-- WHAT YOU ARE ASKED TO DO --
Would you repeat the data below exactly, taking out the images?

-- RECORDS TO PROCESS --
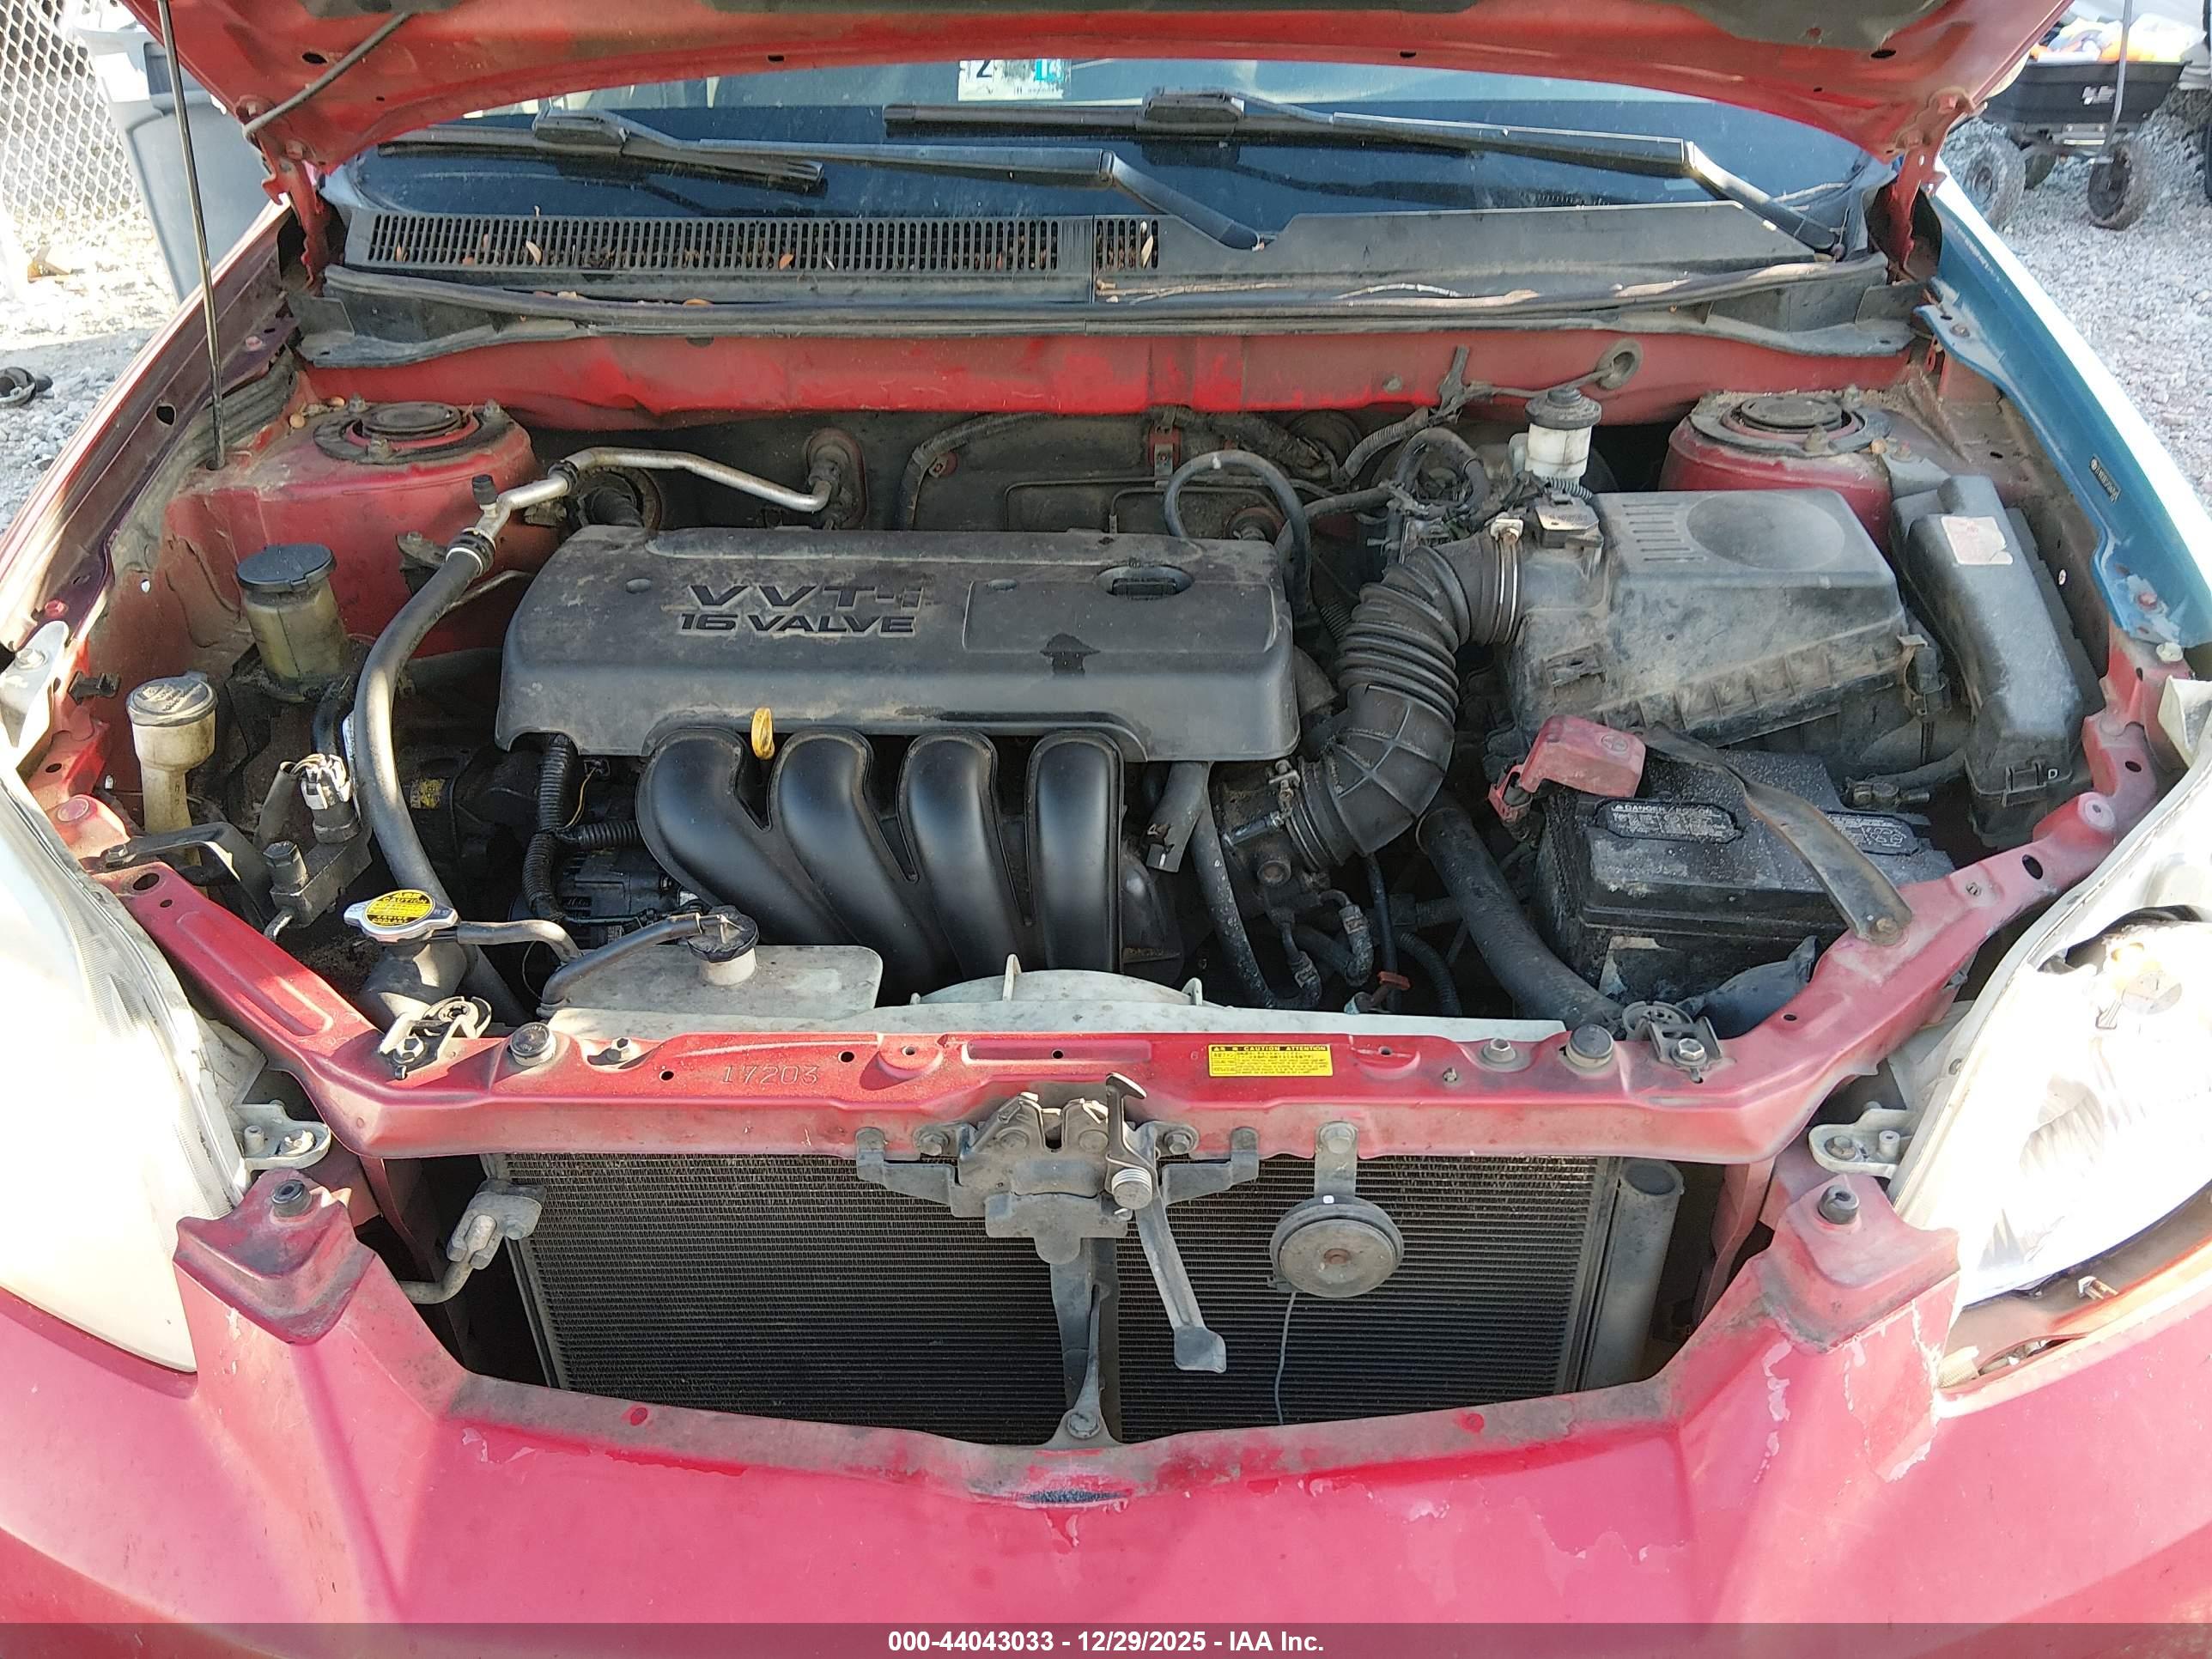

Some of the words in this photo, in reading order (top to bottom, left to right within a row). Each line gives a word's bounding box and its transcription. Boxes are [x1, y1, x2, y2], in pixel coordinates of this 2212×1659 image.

[680, 613, 738, 632] 16
[748, 613, 915, 634] VALVE
[722, 1064, 819, 1085] 17203
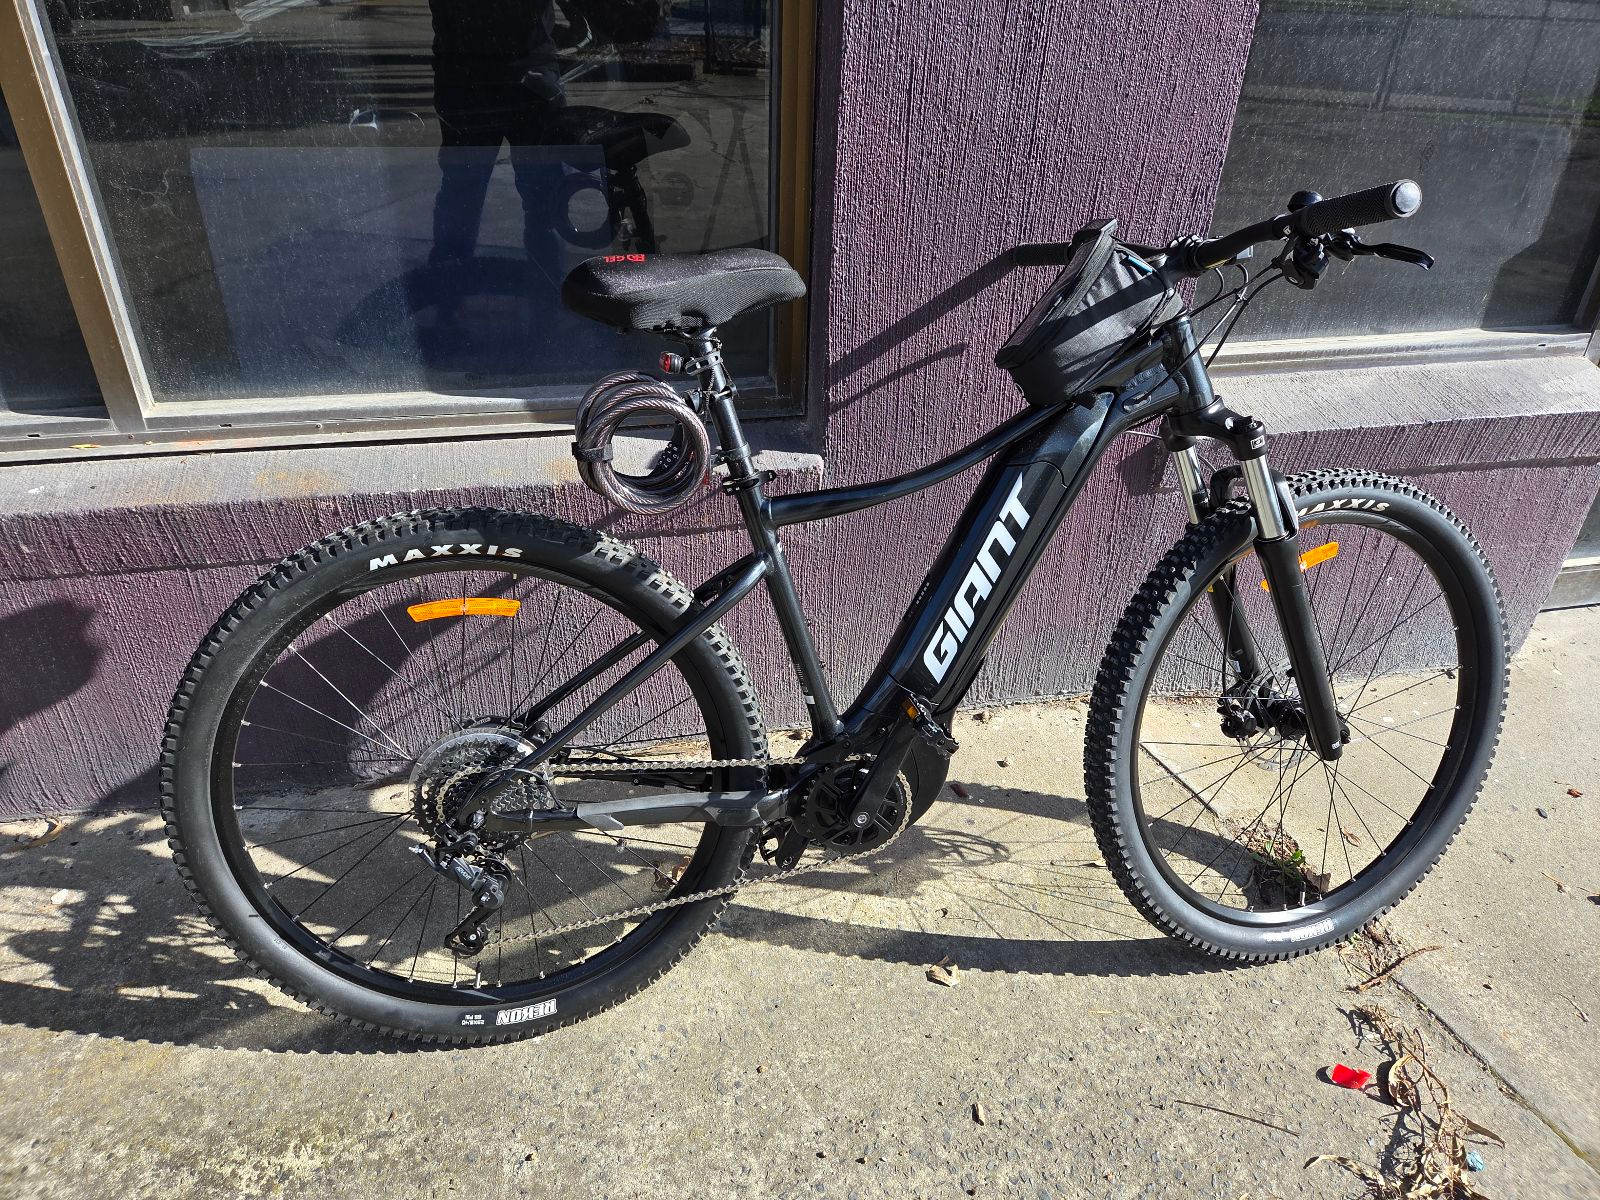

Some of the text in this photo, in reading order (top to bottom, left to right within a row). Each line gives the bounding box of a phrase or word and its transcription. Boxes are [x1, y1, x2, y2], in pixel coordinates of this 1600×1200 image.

[369, 543, 524, 571] MAXXIS
[923, 471, 1031, 685] GIANT
[496, 998, 558, 1026] REKON

-- WRITTEN SOLUTION --
Some of the words in this photo, in reading order (top to bottom, left to right within a row). Each line gives a word's bounding box and its transcription. Boxes are [x1, y1, x2, y2], in pixel coordinates of this 2212×1659 image.

[680, 613, 738, 632] 16
[748, 613, 915, 634] VALVE
[722, 1064, 819, 1085] 17203

Some of the text in this photo, in reading order (top to bottom, left to right within a row). Each line gives the bounding box of a phrase or word and its transcription. Boxes are [x1, y1, x2, y2], in pixel coordinates of this 1600×1200 image.

[369, 543, 524, 571] MAXXIS
[923, 471, 1031, 685] GIANT
[496, 998, 558, 1026] REKON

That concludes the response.